Liver regeneration is a complex process that requires the coordinated expression of cytokines and growth factors. One well-studied model of liver regeneration is partial hepatectomy (PH), in which removal of 70% of the liver initiates compensatory hepatocyte proliferation. PH-induced liver regeneration requires the activation of resident macrophages (Kupffer cells), which produce cytokines that drive hepatocyte proliferation. Monocyte chemoattractant protein-1 (MCP-1) is a chemokine that is known to activate macrophages and recruit monocytes during tissue injury. The goal of this study was to determine how MCP-1 contributes to macrophage activation during liver regeneration.
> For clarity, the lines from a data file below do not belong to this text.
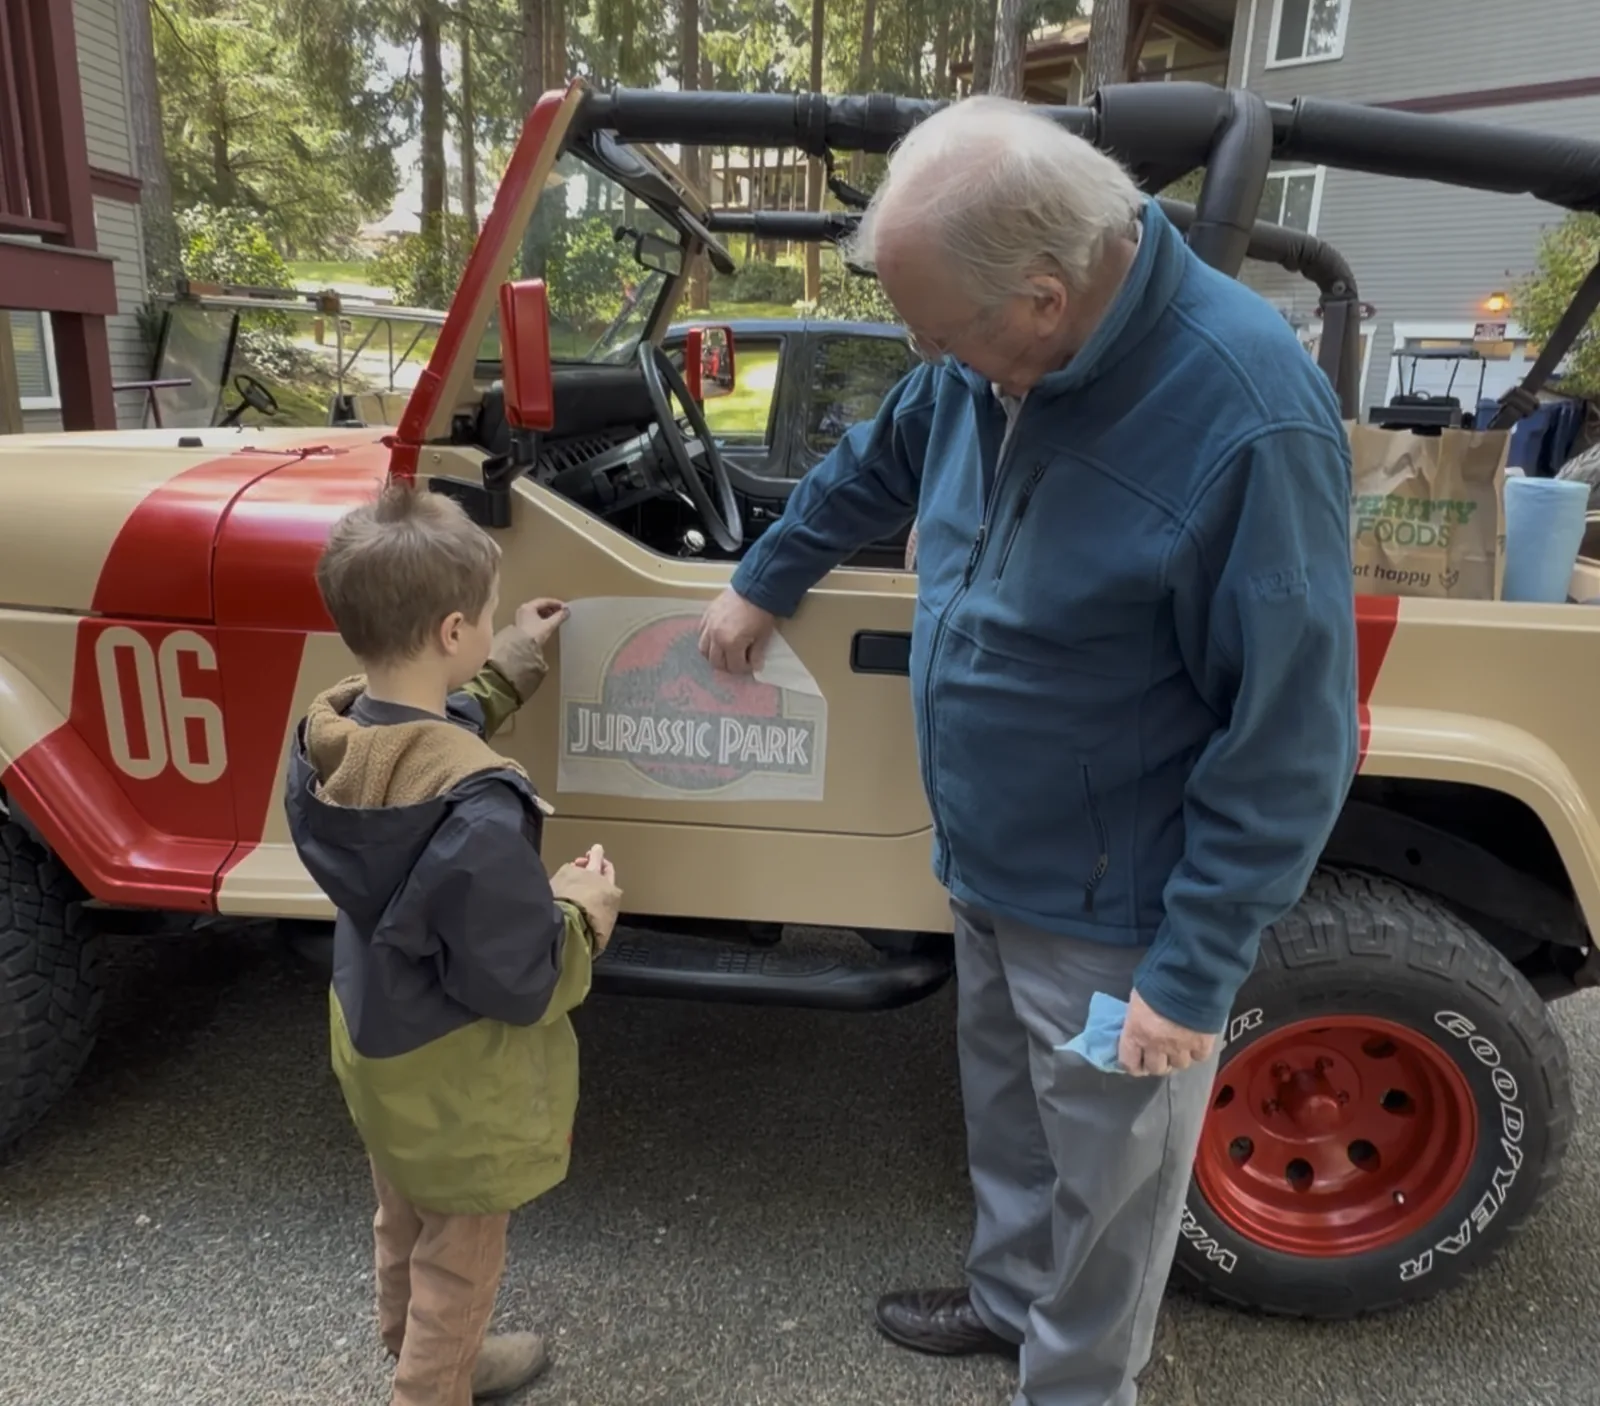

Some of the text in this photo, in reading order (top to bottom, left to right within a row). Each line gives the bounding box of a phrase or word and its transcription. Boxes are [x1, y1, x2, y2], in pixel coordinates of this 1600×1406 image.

[1355, 517, 1450, 548] FOODS
[1352, 564, 1431, 587] at happy
[95, 626, 228, 784] 06
[570, 707, 809, 765] JURASSIC PARK
[1400, 1010, 1524, 1281] GOODYEAR
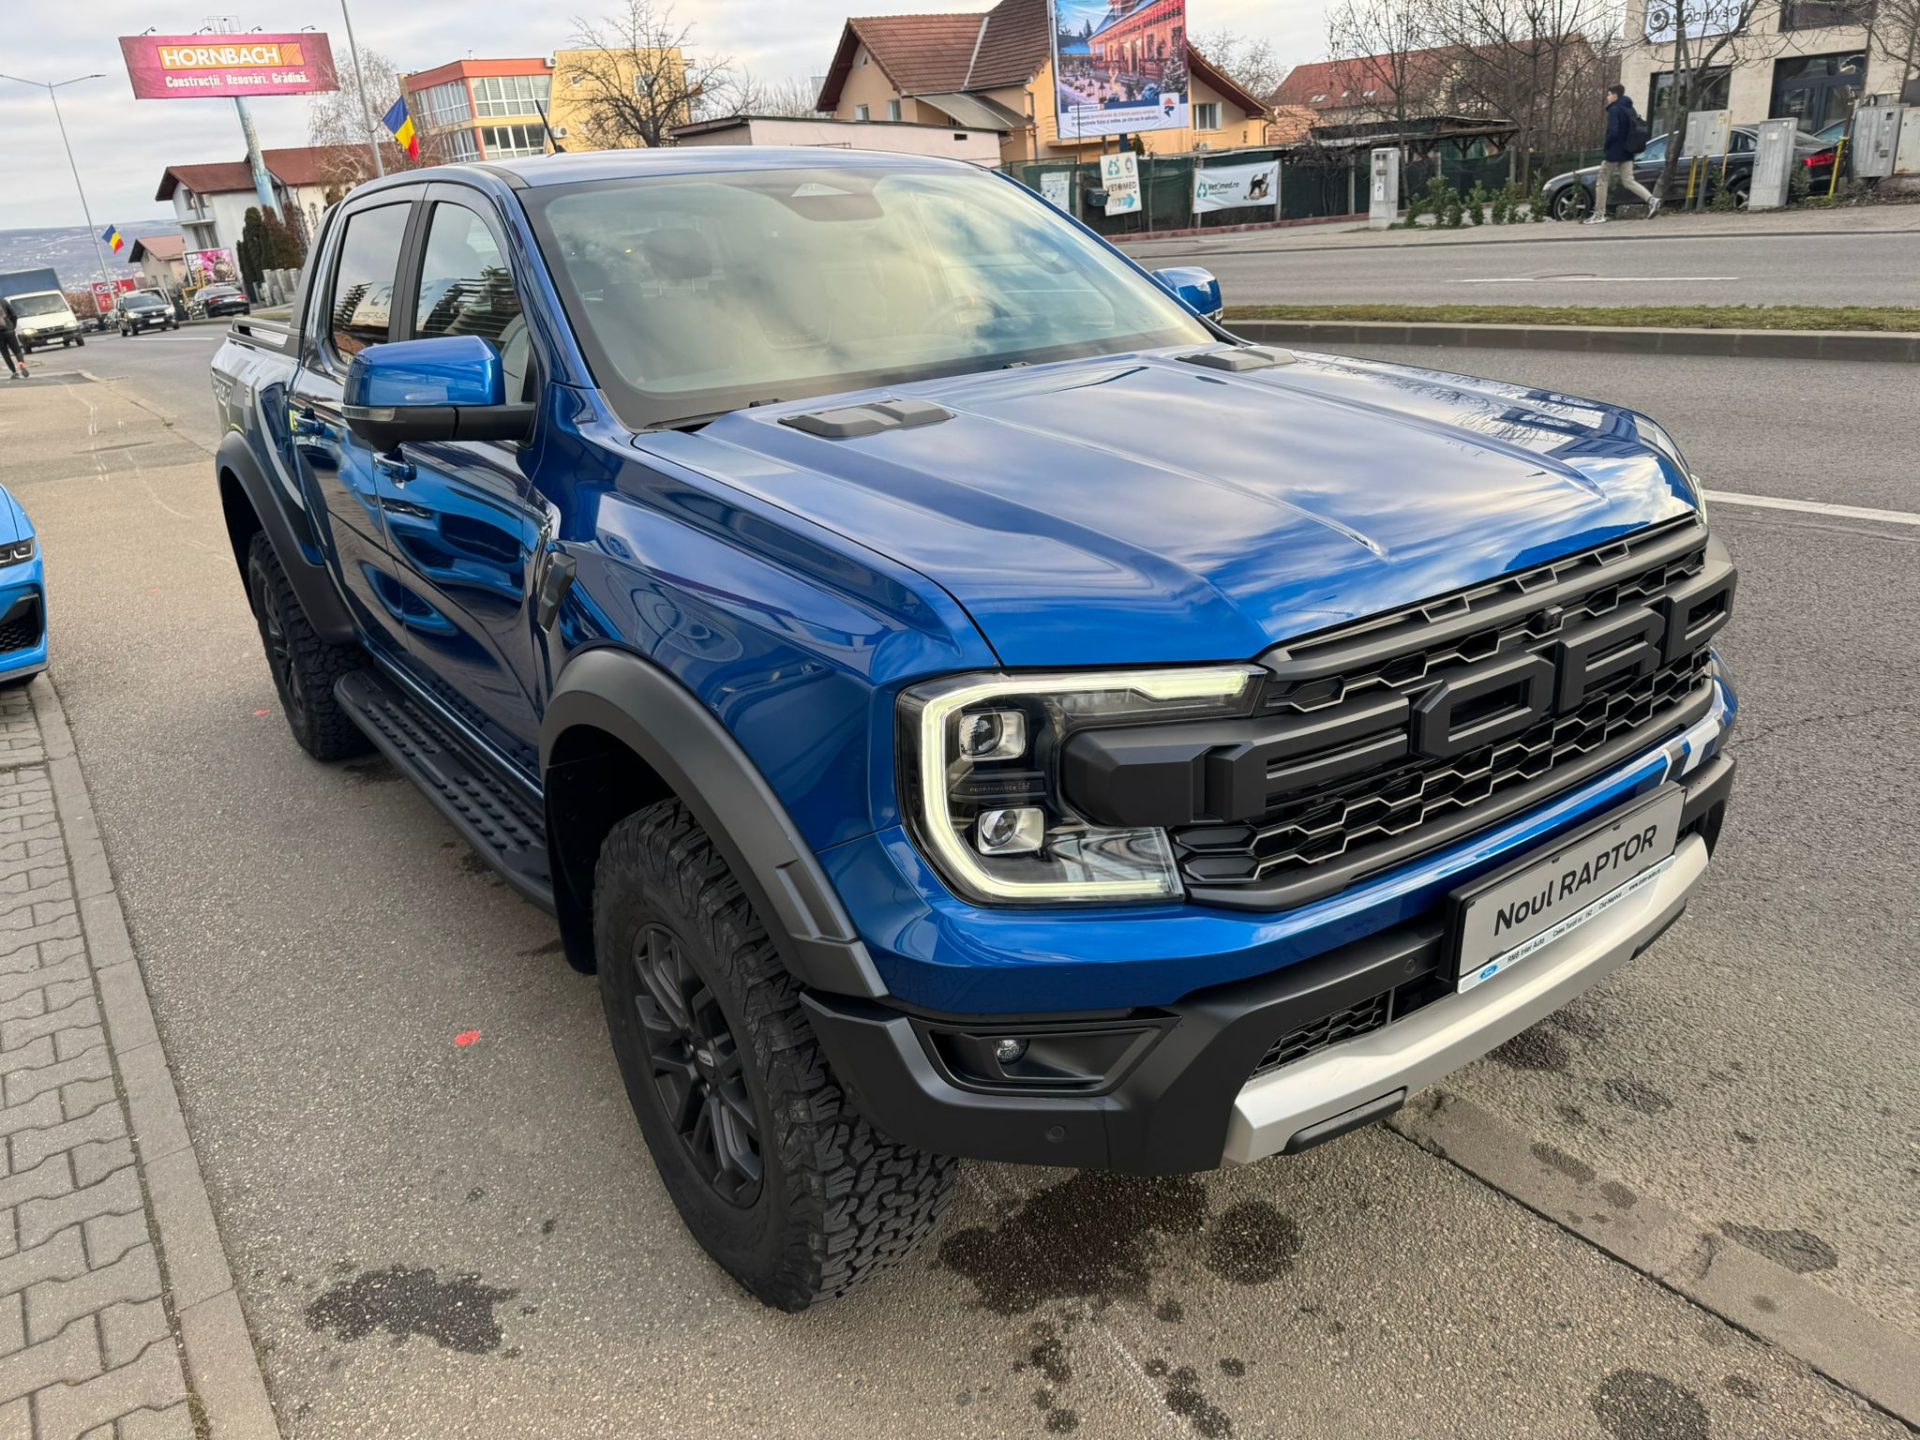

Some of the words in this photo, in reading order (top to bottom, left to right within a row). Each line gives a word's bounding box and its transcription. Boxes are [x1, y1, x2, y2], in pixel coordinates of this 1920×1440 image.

Results indicate that hepatic and plasma MCP-1 levels increased within 12 hr after PH and correlated with hepatic recruitment of cells expressing the MCP-1 receptor, CCR2. Nevertheless, hepatocyte proliferation was comparable in MCP-1 knockout and wild-type mice, as was the expression of Kupffer cell-derived cytokines. Furthermore, hepatic recruitment of CCR2+ cells was similar in MCP-1 knockout and wild-type mice, which suggests that other chemokines may efficiently recruit CCR2+ cells in the absence of MCP-1. CCR2 appears to be required for optimal regeneration, as CCR2 knockout mice had levels of hepatocyte proliferation that were 50% lower than wild-type mice 36 hr after PH. We conclude that MCP-1 is not required for macrophage activation during PH-induced liver regeneration. Future studies should instead focus on mechanisms by which CCR2 signaling events and the hepatic recruitment of CCR2-expressing cells facilitates hepatocyte proliferation during liver regeneration.